Amber Polk: optivore mom shares "recipe from the trenches"

I met Amber through of excellent work with the Center for Environmental Farming Systems at NC State, where she runs the Local Foods Action Plan listserv and helps make everything run like a well-oiled tractor. But I know Amber because she's also a courageous, creative, and loving mother whose son Jackson has a variety of health problems. We've exchanged notes for several years about her triumphs and sorrows in trying to get him to eat and thrive. You can see he's growing up to be adorable and lively. Yaaay! You can see why she's a Cook for Good Hero.

Jackson and Amber Polk (photo used by permission)
Amber wrote this about optivore, a word I coined to describe people who cook to make something better, whether it is someone's health, the community, or the world:
I like optivore.  I feel a whole lot less fussy and much less of the bad kind of prima donna
Amber allowed me to share her recipe for Jackson's current favorite: Sausage Soup. The last step is optivore genius. What great attitude and technique! She's keeping her eye on the ultimate goal: getting her boy to eat a big bowl of veggies and to take in enough calories to thrive. 

Sausage Soup

A "recipe from the trenches" by Amber Polk.  (Note: make it a plant-based soup by using beans instead of sausage and bones and by browning onions in a little olive oil for extra flavor. ) 
  1. Boil water in huge pot. Wash and chop up every fresh veggie you have.  Use wide variety to get most nutrients.  I always use a ton of carrots for sweetness, onions for flavor, and spinach to fight anemia.
  2. Put in some left over bones from something already cooked and eaten.  Crack them if they are really big.  I am after the marrow.
  3. Let boil until all veggies are tender.  Fish out bones and throw away. Reserve all stock.
  4. Put veggies in a ninja blender and blend until they are unrecognizable. Add veggie mash to the empty pot, pour in enough stock to make it soup consistency. (Save leftover stock to quickly liquify other veggies later. You know you did it right if it turns to jello in the fridge.)
  5. Brown several pieces of bulk sausage, drain grease, and then crumble cooked sausage into soup.
  6. Serve to suspicious 4 year old. When asked questions about ingredients just list two: sausage and "soup" and quickly change the subject to big trucks or trains.  Allow him to add his own crazy garnish like spicy brown mustard, BBQ sauce, or sprinkles.  He just ate a whole bowl of veggies so whatever.

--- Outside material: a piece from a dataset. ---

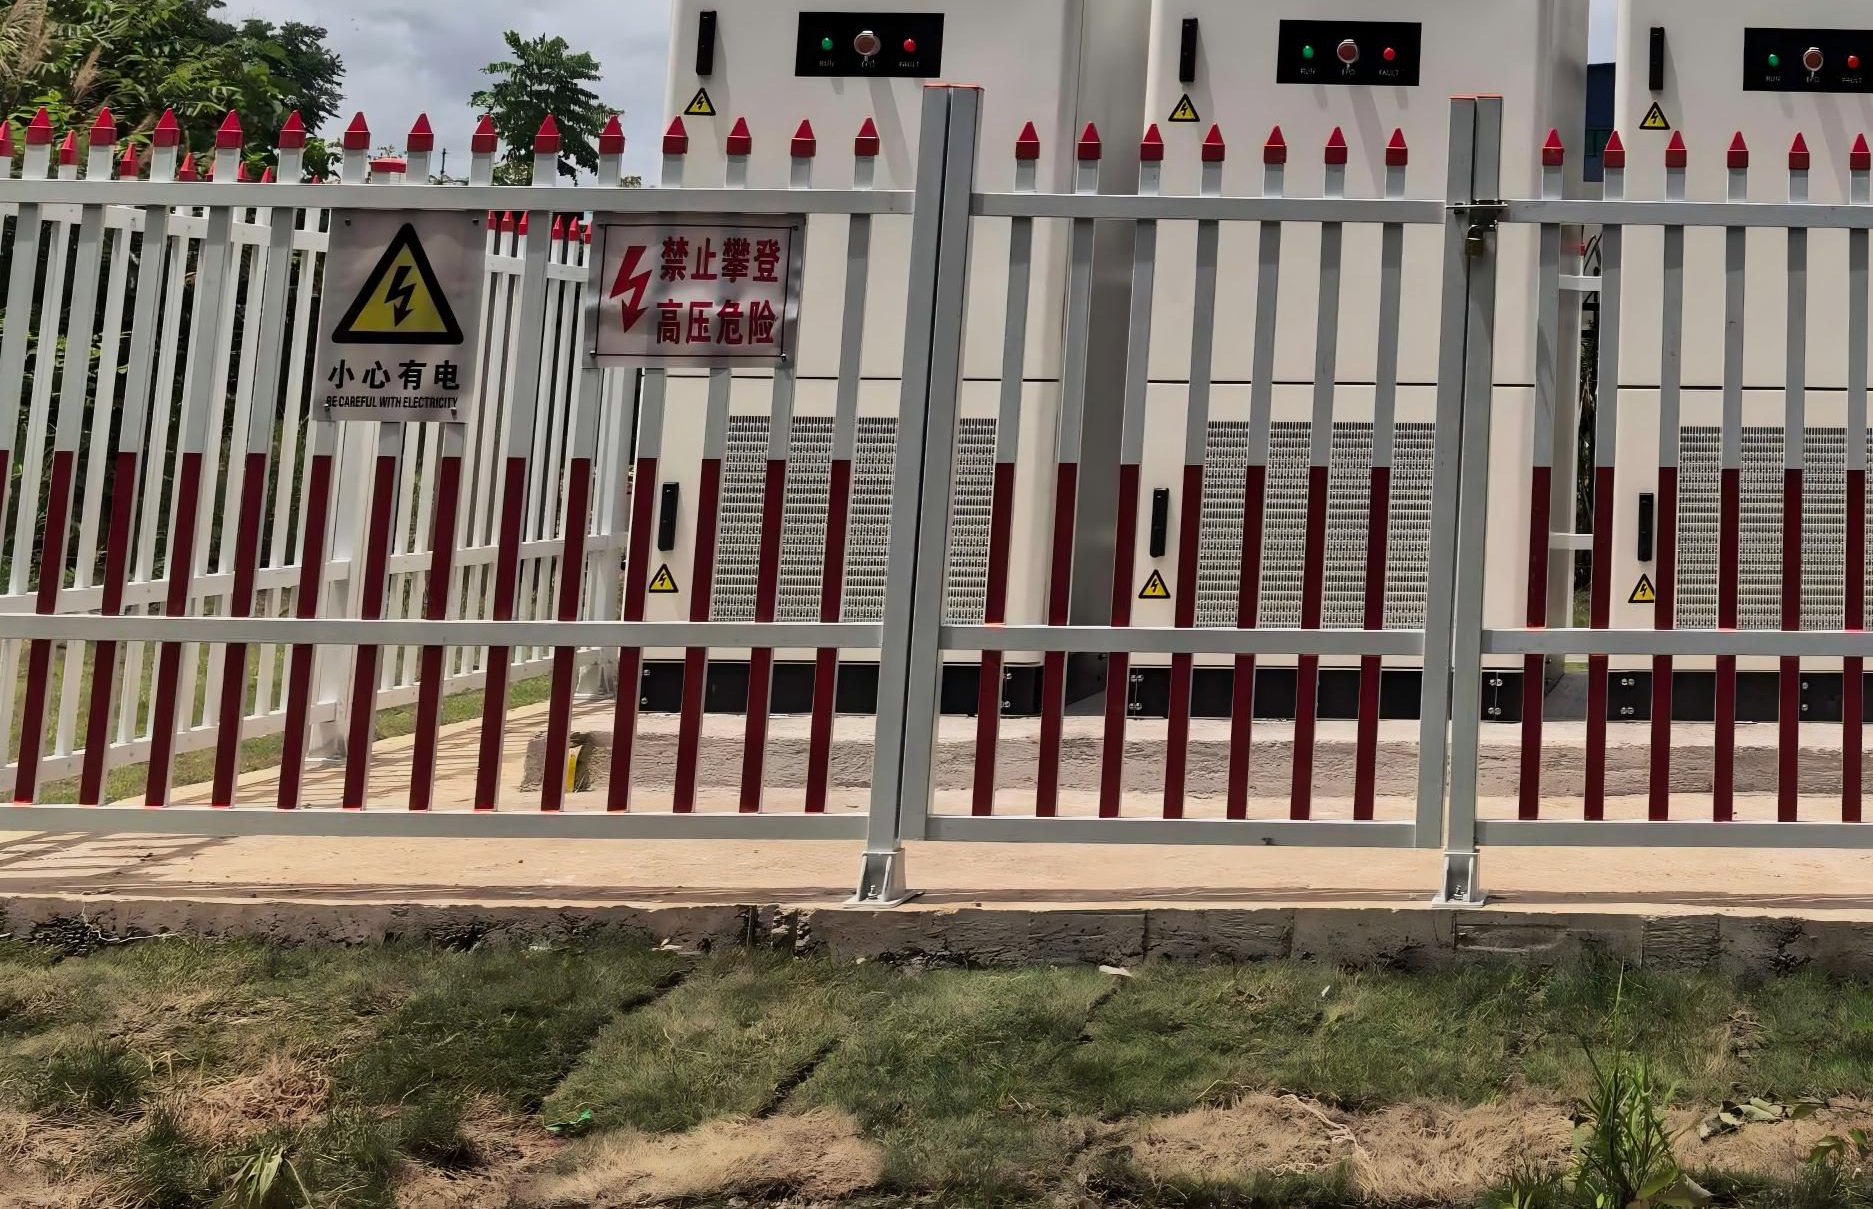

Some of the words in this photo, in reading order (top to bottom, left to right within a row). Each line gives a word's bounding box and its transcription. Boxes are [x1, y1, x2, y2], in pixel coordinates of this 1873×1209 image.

About the Center for Environmental Farming Systems

In 2009, the CEFS Local Foods Summit brought together food-system leaders from across the state to "facilitate a local food economy and promote all aspects of local foods." The openness and character of CEFS shines through in this approach:

We've started each meeting with a discussion of sustainability and local—not trying to reach consensus, but rather bringing all the associated values and meanings to the table.

I first mentioned the Cook for Good project in public at the summit. The response was thrilling: two women even followed me into the bathroom during the break to ask me to come speak to their group. The summit lives on as a listserv with over 1,500 members who are interested in the "cultivation of local food, farms and communities" in North Carolina. 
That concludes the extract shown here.